### Description of the task
Would you please set down the lines of the data from the one containing "this 1920×1440 image." to the final line, exactly and only those?

### Excerpted records
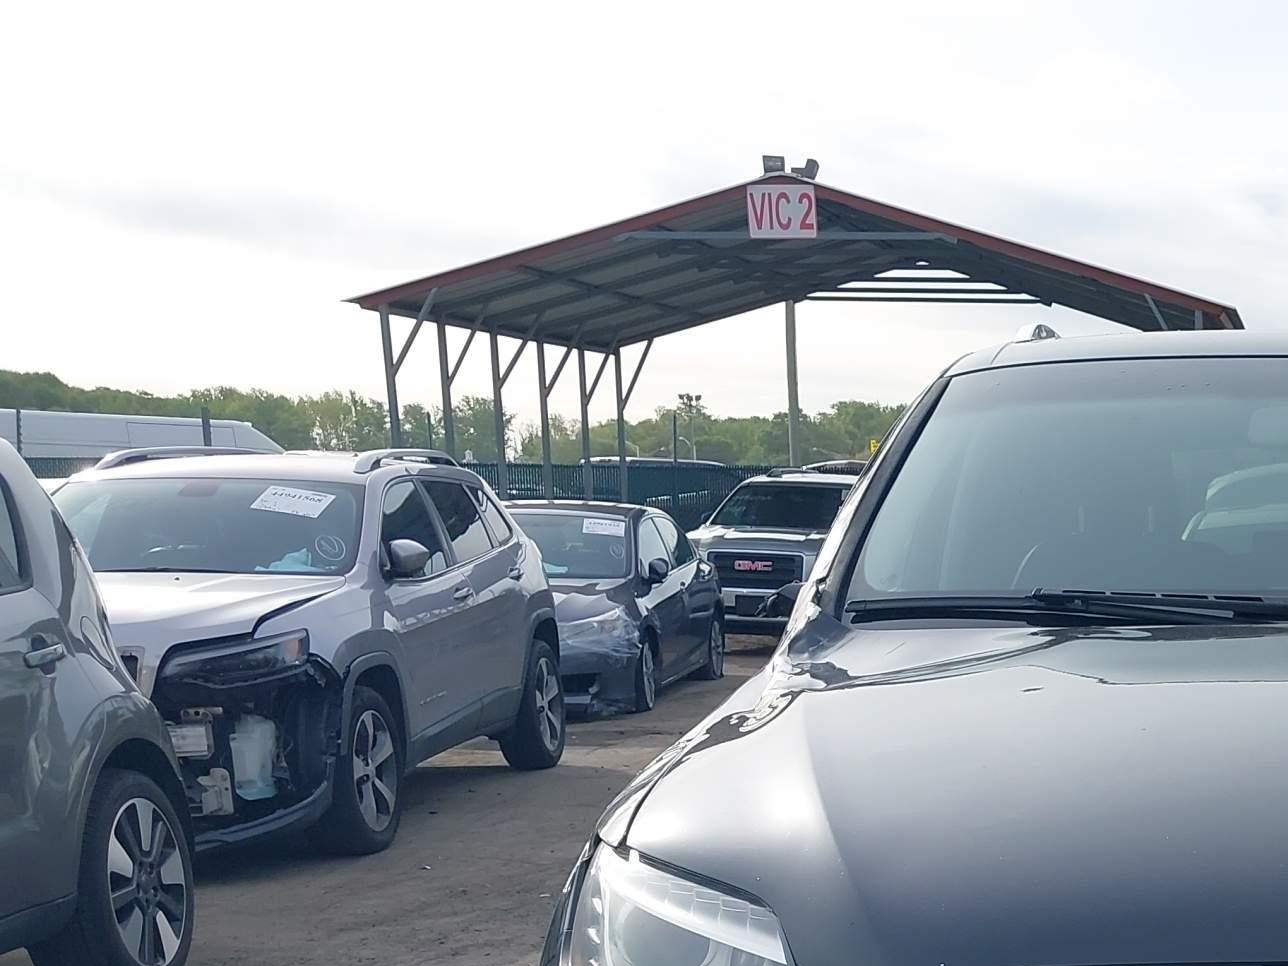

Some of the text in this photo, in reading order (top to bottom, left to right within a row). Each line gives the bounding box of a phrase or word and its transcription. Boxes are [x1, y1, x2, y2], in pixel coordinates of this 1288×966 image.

[749, 191, 815, 231] VIC 2
[734, 560, 773, 571] GMC
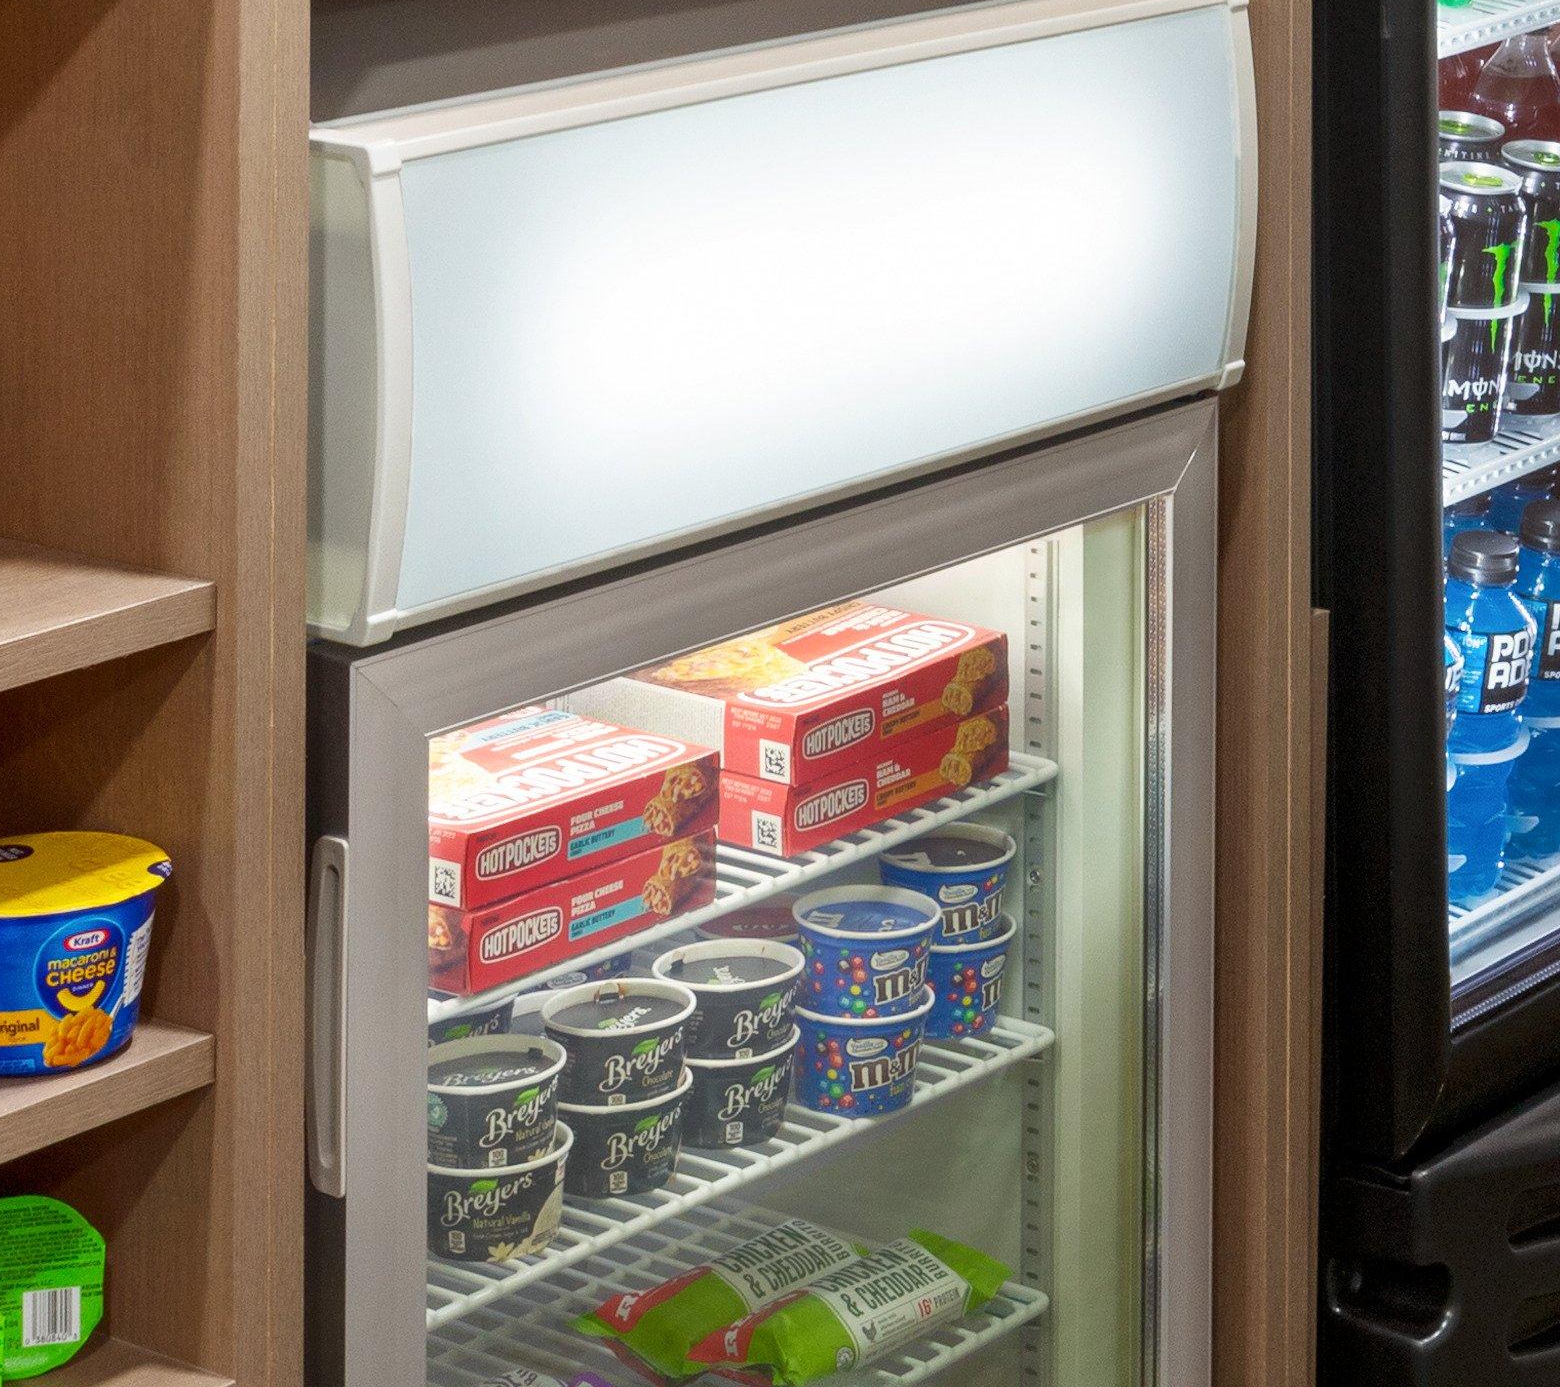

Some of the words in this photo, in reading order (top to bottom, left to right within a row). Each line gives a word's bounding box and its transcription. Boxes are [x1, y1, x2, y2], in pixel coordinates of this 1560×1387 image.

[48, 953, 108, 973] macaroni
[72, 932, 102, 948] Kraft
[599, 1027, 684, 1092] Breyers
[601, 1102, 682, 1171] Breyers
[441, 1171, 534, 1227] Breyers
[473, 1214, 507, 1230] Natural
[723, 1223, 814, 1273] CHICKEN
[765, 1244, 839, 1292] CHEDDAR
[841, 1292, 863, 1317] &
[863, 1264, 935, 1310] CHEDDAR
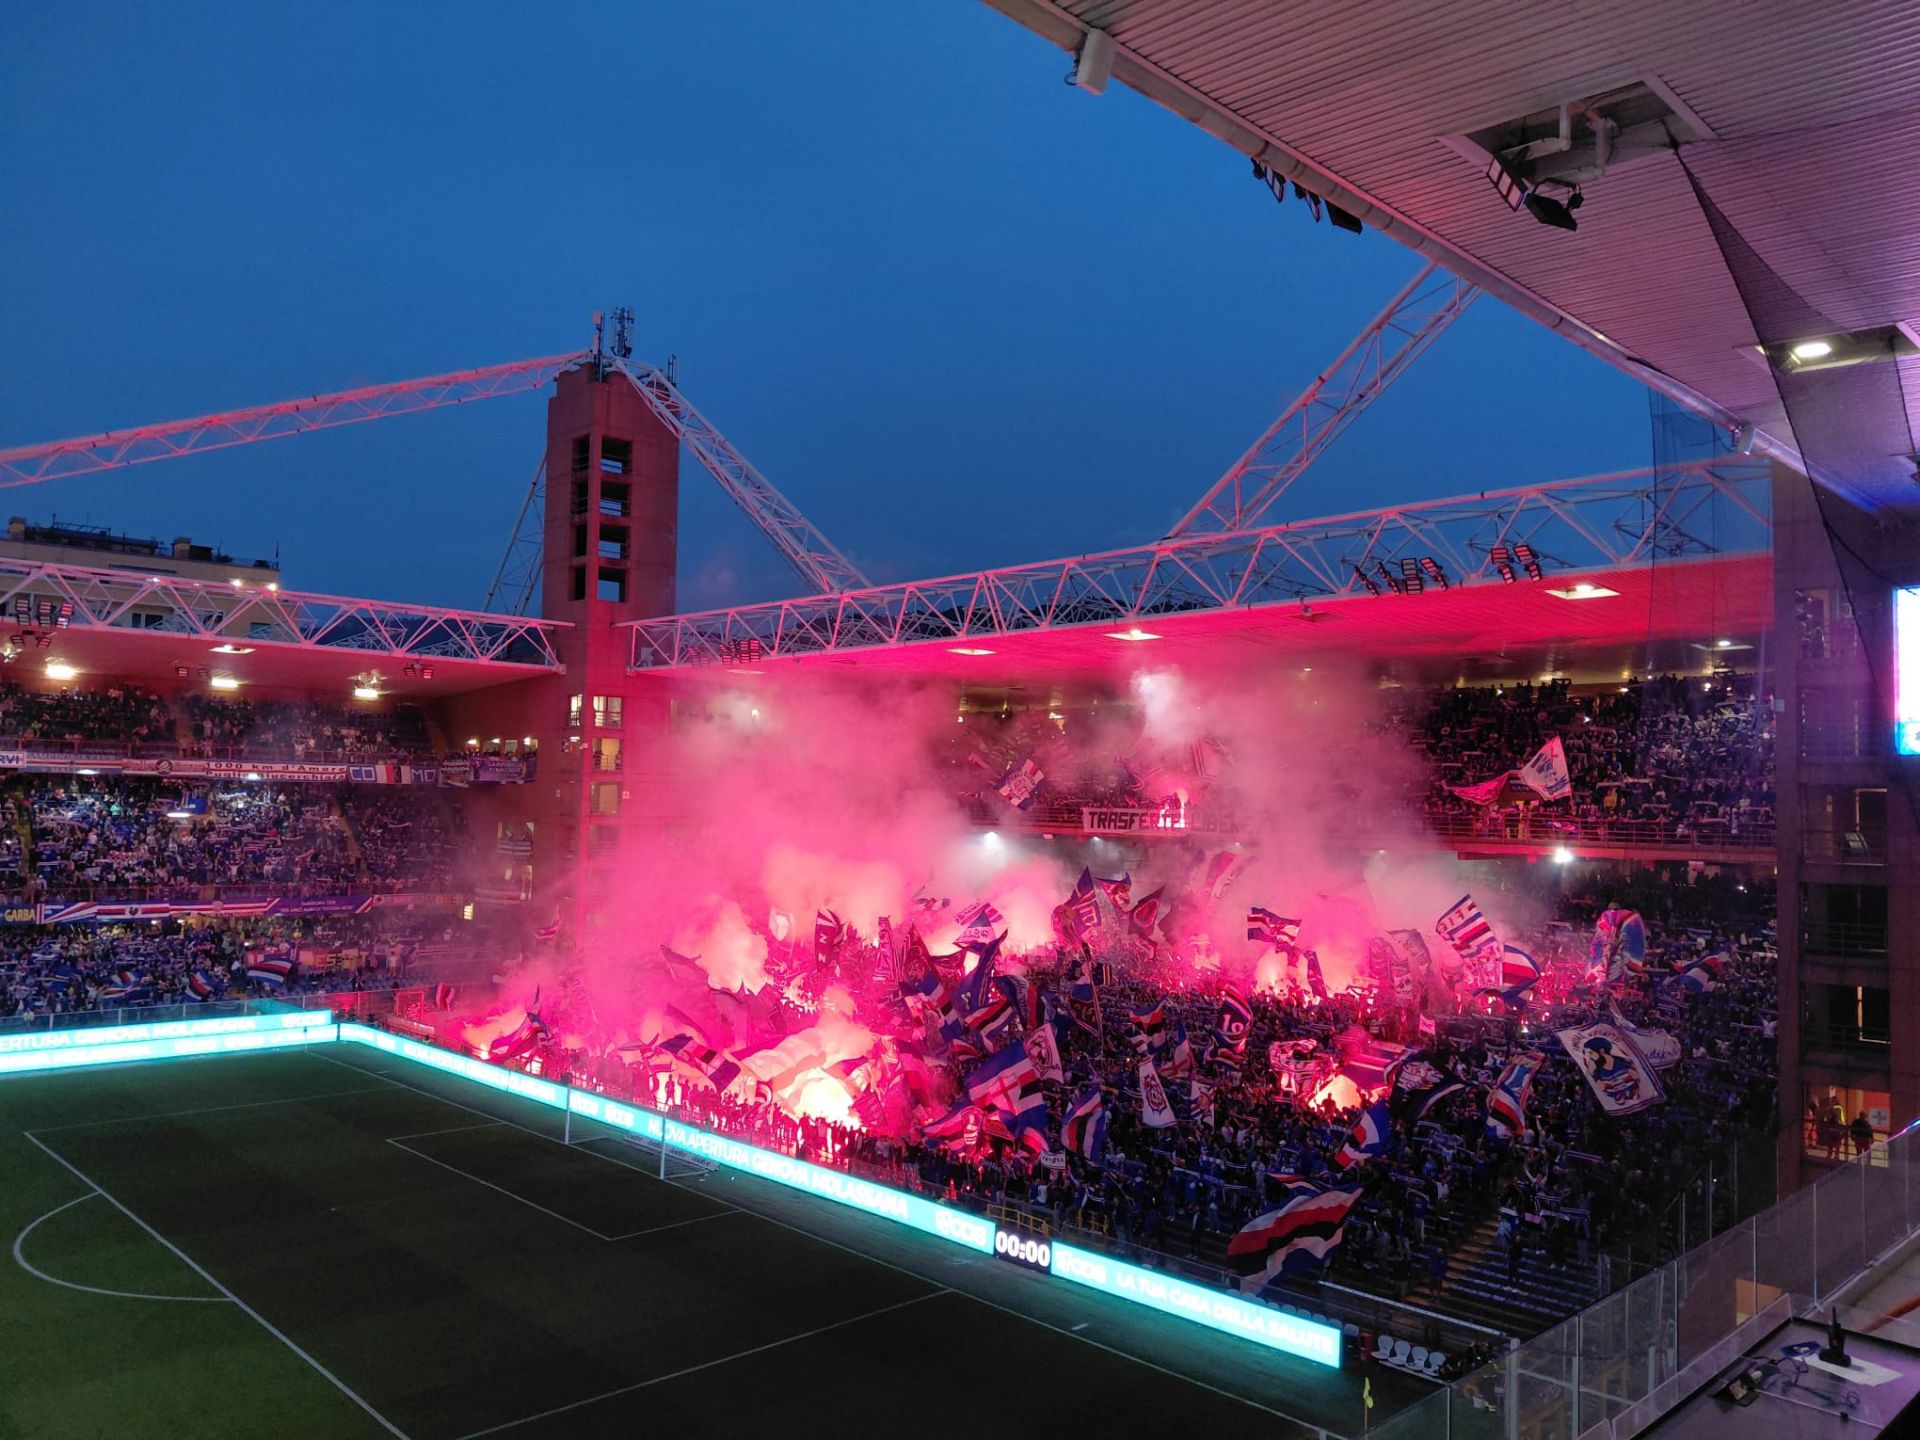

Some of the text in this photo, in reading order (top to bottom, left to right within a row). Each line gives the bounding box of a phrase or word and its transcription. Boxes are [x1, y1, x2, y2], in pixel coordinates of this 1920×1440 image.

[4, 908, 36, 922] GARBA
[686, 1129, 751, 1169] APERTURA
[751, 1151, 809, 1186] GENOVA
[811, 1173, 910, 1219] MOLASSANA
[995, 1230, 1051, 1268] 00:00
[1116, 1270, 1136, 1292] LA
[1136, 1277, 1168, 1303] TUA
[1169, 1286, 1211, 1317] CASA
[1212, 1300, 1266, 1335] DELLA
[1265, 1316, 1335, 1356] SALUTE

### Exercise output
Some of the text in this photo, in reading order (top to bottom, left to right within a row). Each line gives the bounding box of a phrase or word and its transcription. Boxes are [x1, y1, x2, y2], in pixel coordinates of this 1920×1440 image.

[4, 908, 36, 922] GARBA
[686, 1129, 751, 1169] APERTURA
[751, 1151, 809, 1186] GENOVA
[811, 1173, 910, 1219] MOLASSANA
[995, 1230, 1051, 1268] 00:00
[1116, 1270, 1136, 1292] LA
[1136, 1277, 1168, 1303] TUA
[1169, 1286, 1211, 1317] CASA
[1212, 1300, 1266, 1335] DELLA
[1265, 1316, 1335, 1356] SALUTE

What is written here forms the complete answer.